Task to complete: Retype the listing below line for line, but only from the line with "this 1440×960 image." down to the line with "Some of the words", inclusive. Pictures stay out.

The records:
%%

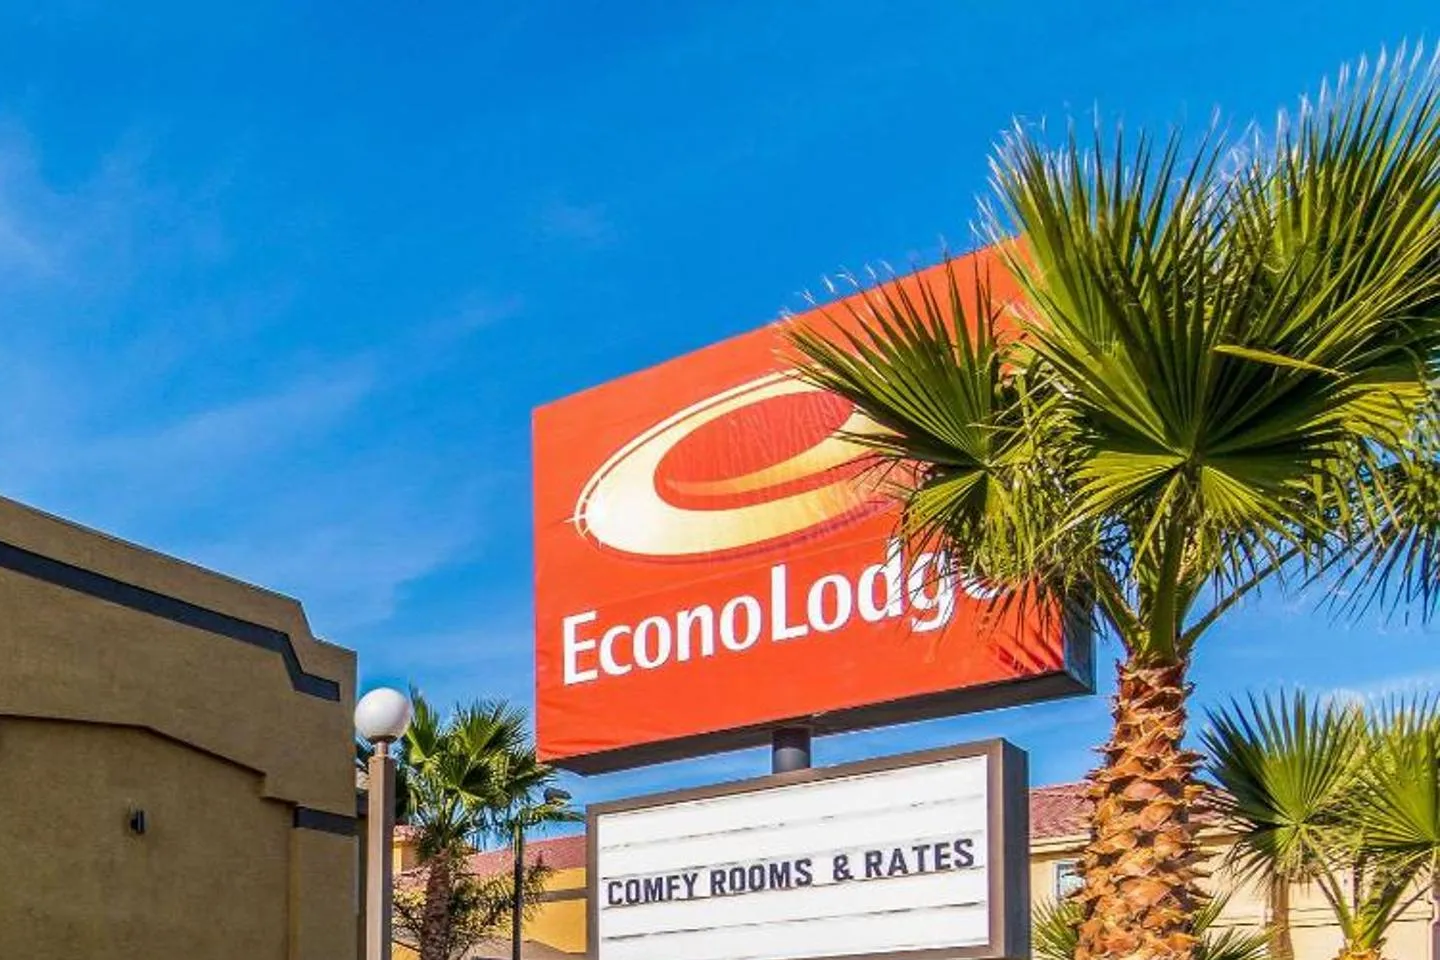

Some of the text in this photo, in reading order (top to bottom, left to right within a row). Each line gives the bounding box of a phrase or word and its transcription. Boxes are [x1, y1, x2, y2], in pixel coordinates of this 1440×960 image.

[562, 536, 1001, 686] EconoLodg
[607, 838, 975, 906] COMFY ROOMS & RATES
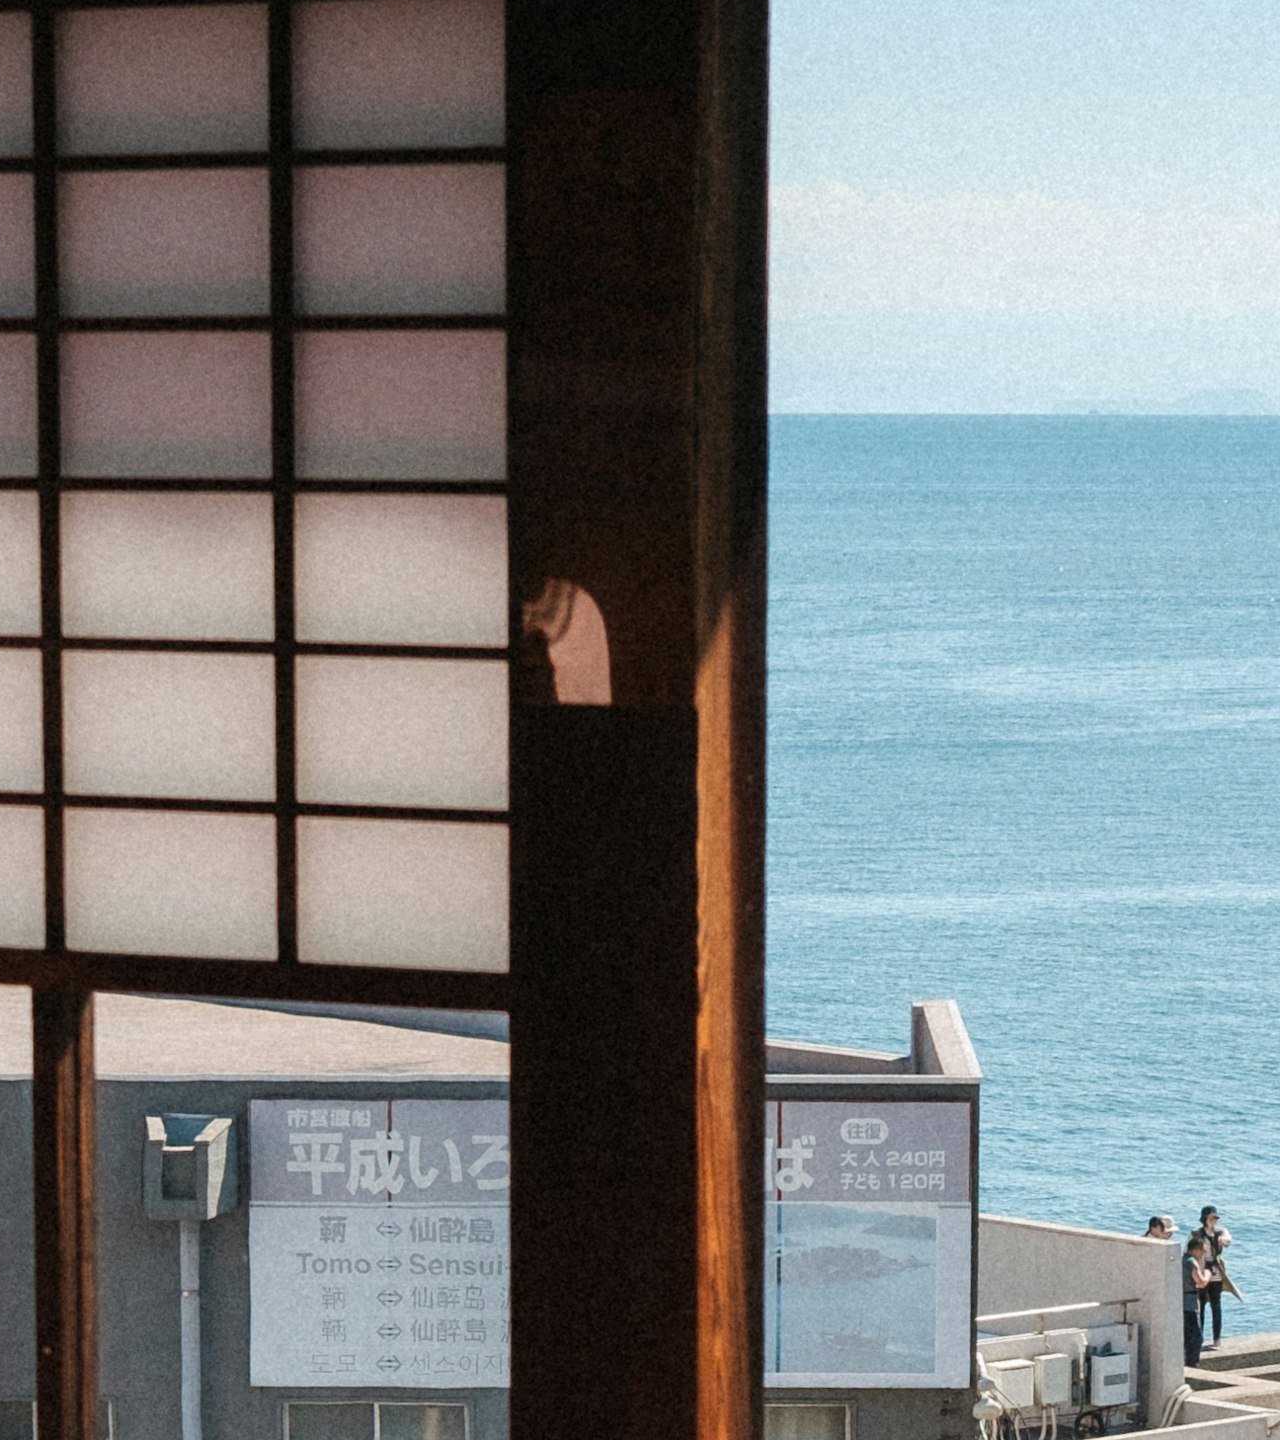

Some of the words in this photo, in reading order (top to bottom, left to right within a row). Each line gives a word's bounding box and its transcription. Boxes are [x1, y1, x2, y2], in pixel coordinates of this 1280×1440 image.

%%
%%

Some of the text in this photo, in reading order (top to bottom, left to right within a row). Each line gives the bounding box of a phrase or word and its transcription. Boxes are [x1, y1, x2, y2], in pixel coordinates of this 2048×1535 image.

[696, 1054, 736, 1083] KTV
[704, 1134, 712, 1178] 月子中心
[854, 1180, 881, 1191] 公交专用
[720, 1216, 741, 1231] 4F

%%

Worked solution:
Some of the text in this photo, in reading order (top to bottom, left to right within a row). Each line gives the bounding box of a phrase or word and its transcription. Boxes are [x1, y1, x2, y2], in pixel coordinates of this 1440×960 image.

[562, 536, 1001, 686] EconoLodg
[607, 838, 975, 906] COMFY ROOMS & RATES

Some of the words in this photo, in reading order (top to bottom, left to right within a row). Each line gives a word's bounding box and its transcription. Boxes are [x1, y1, x2, y2], in pixel coordinates of this 1280×1440 image.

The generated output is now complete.